DNS over HTTPS (DoH) is a protocol for performing remote Domain Name System (DNS) resolution via the HTTPS protocol. A goal of the method is to increase user privacy and security by preventing eavesdropping and manipulation of DNS data by man-in-the-middle attacks[1] by using the HTTPS protocol to encrypt the data between the DoH client and the DoH-based DNS resolver. Encryption by itself does not protect privacy, encryption is simply a method to obfuscate the data. By March of 2018, Google and the Mozilla Foundation had started testing versions of DNS over HTTPS.[2][3] In February 2020, Mozilla rolled out a version of Firefox that encrypts domain names by default for US-based users.[4]

In addition to improving security, another goal of DNS over HTTPS is to improve performance: testing of ISP DNS resolvers has shown that many often have slow response times, a problem that is exacerbated by the need to potentially have to resolve many hostnames when loading a single web page.[1]

Technical detail[edit]

DoH is a proposed standard, published as RFC 8484 (October 2018) by the IETF. It uses HTTP/2 and HTTPS, and supports the wire format DNS response data, as returned in existing UDP responses, in an HTTPS payload with the MIME type application/dns-message.[1][5] If HTTP/2 is used, the server may also use HTTP/2 server push to send values that it anticipates the client may find useful in advance.[6]

DoH is a work in progress. Even though the IETF has published RFC 8484 as a proposed standard and companies are experimenting with it,[7][8] the IETF has yet to determine how it should best be implemented. The IETF is evaluating a number of approaches for how to best deploy DoH and is looking to stand up a working group, Adaptive DNS Discovery (ADD), to do this work and develop a consensus. In addition, other industry working groups such as the Encrypted DNS Deployment Initiative, have been formed to "define and adopt DNS encryption technologies in a manner that ensures the continued high performance, resiliency, stability and security of the Internet’s critical namespace and name resolution services, as well as ensuring the continued unimpaired functionality of security protections, parental controls, and other services that depend upon the DNS".[9]

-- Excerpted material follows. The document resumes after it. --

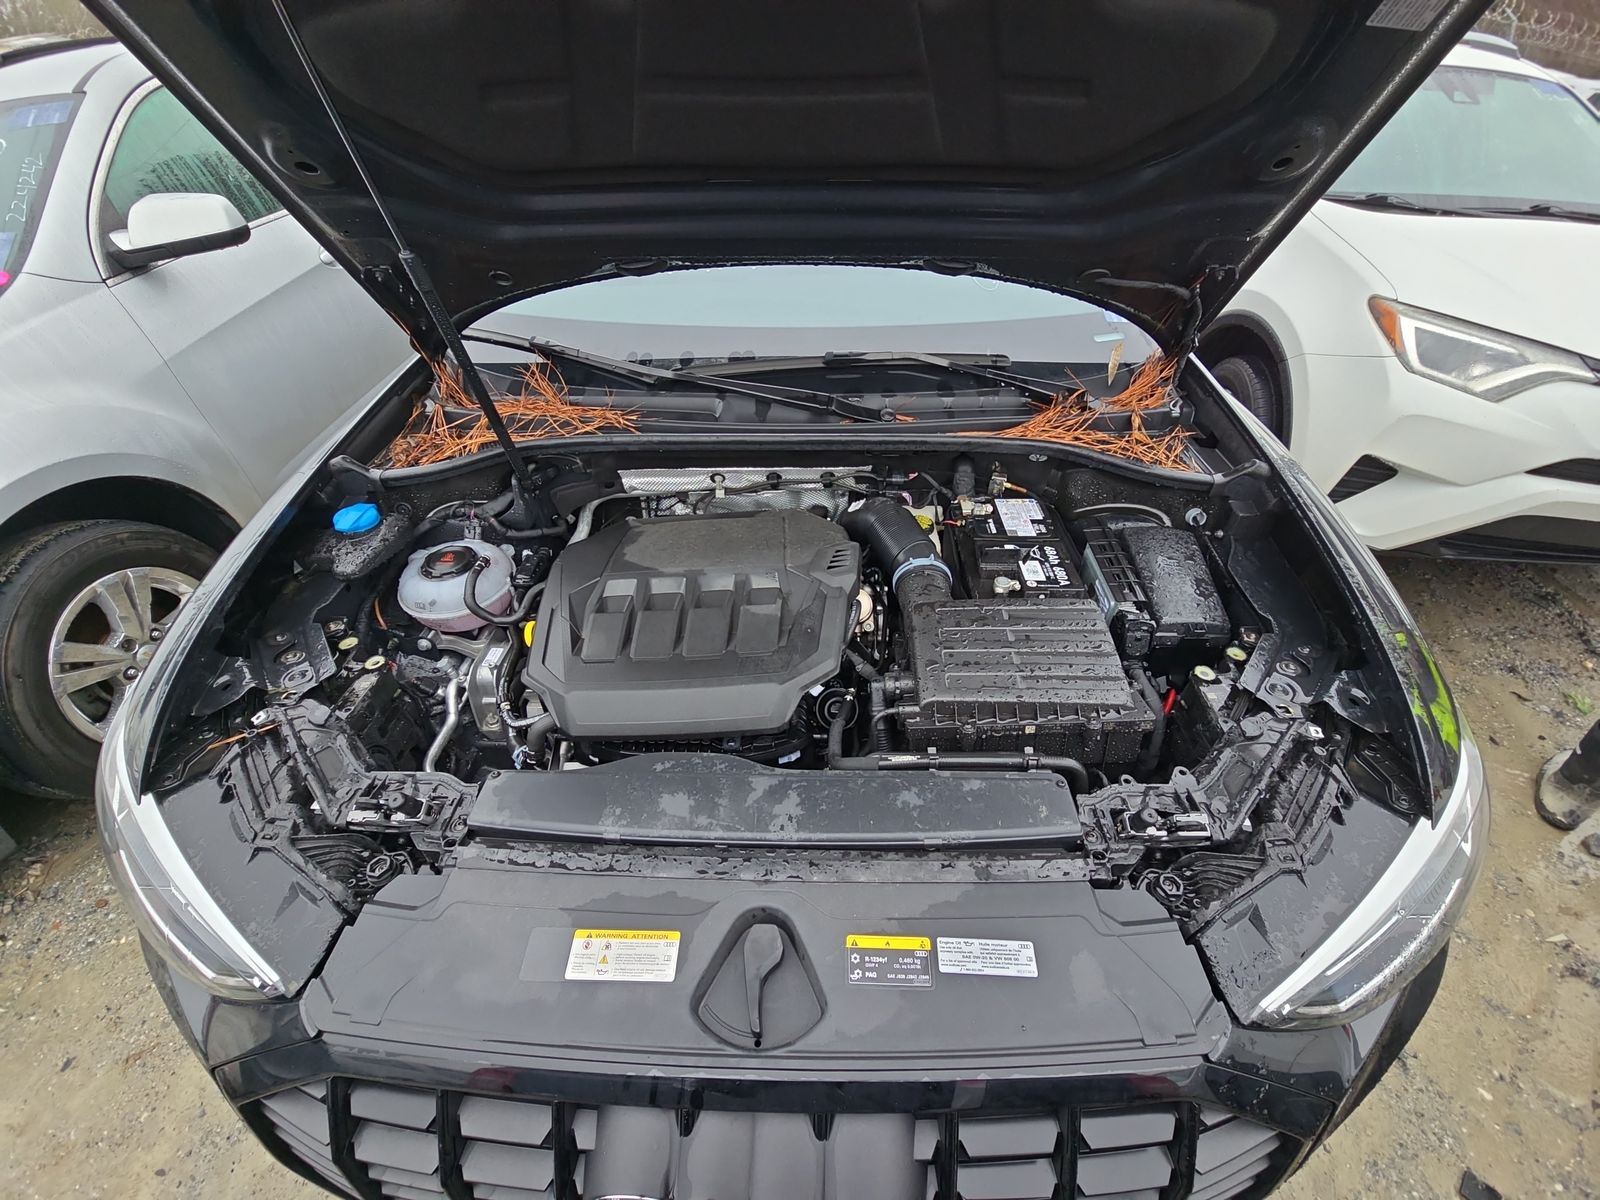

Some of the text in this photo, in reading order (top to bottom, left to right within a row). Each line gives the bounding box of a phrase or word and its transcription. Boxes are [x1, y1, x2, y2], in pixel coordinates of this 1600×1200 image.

Many issues with how to properly deploy DoH are still being resolved by the internet community including but not limited to:

  • Parental controls and content filters
  • Split DNS in Enterprises
  • CDN Localization
  • Interoperability with 5G networks

Deployment scenarios[edit]

DoH is used for recursive DNS resolution by DNS resolvers. Resolvers (DoH clients) must have access to a DoH server hosting a query endpoint.[6]

DoH lacks native support in operating systems. Thus, a user wishing to use it must install additional software. Three usage scenarios are common:

  • Using a DoH implementation within an application: Some browsers have a built-in DoH implementation and can thus perform queries by bypassing the operating system's DNS functionality. A drawback is that an application may not inform the user if it skips DoH querying, either by misconfiguration or lack of support for DoH.
  • Installing a DoH proxy on the name server in the local network: In this scenario client systems continue to use traditional (port 53 or 853) DNS to query the name server in the local network, which will then gather the necessary replies via DoH by reaching DoH-servers in the Internet. This method is transparent to the end user.
  • Installing a DoH proxy on a local system: In this scenario, operating systems are configured to query a locally running DoH proxy. In contrast to the previously mentioned method, the proxy needs to be installed on each system wishing to use DoH, which might require a lot of effort in larger environments.
  • Installing a DoH resolving plugin for the operating system

In all of these scenarios, the DoH client does not directly query any authoritative name servers. Instead, the client relies on the DoH server using traditional (port 53 or 853) queries to finally reach authoritative servers. Thus DoH does not qualify as an end-to-end encrypted protocol, only hop-to-hop encrypted and only if DNS over TLS is used consistently.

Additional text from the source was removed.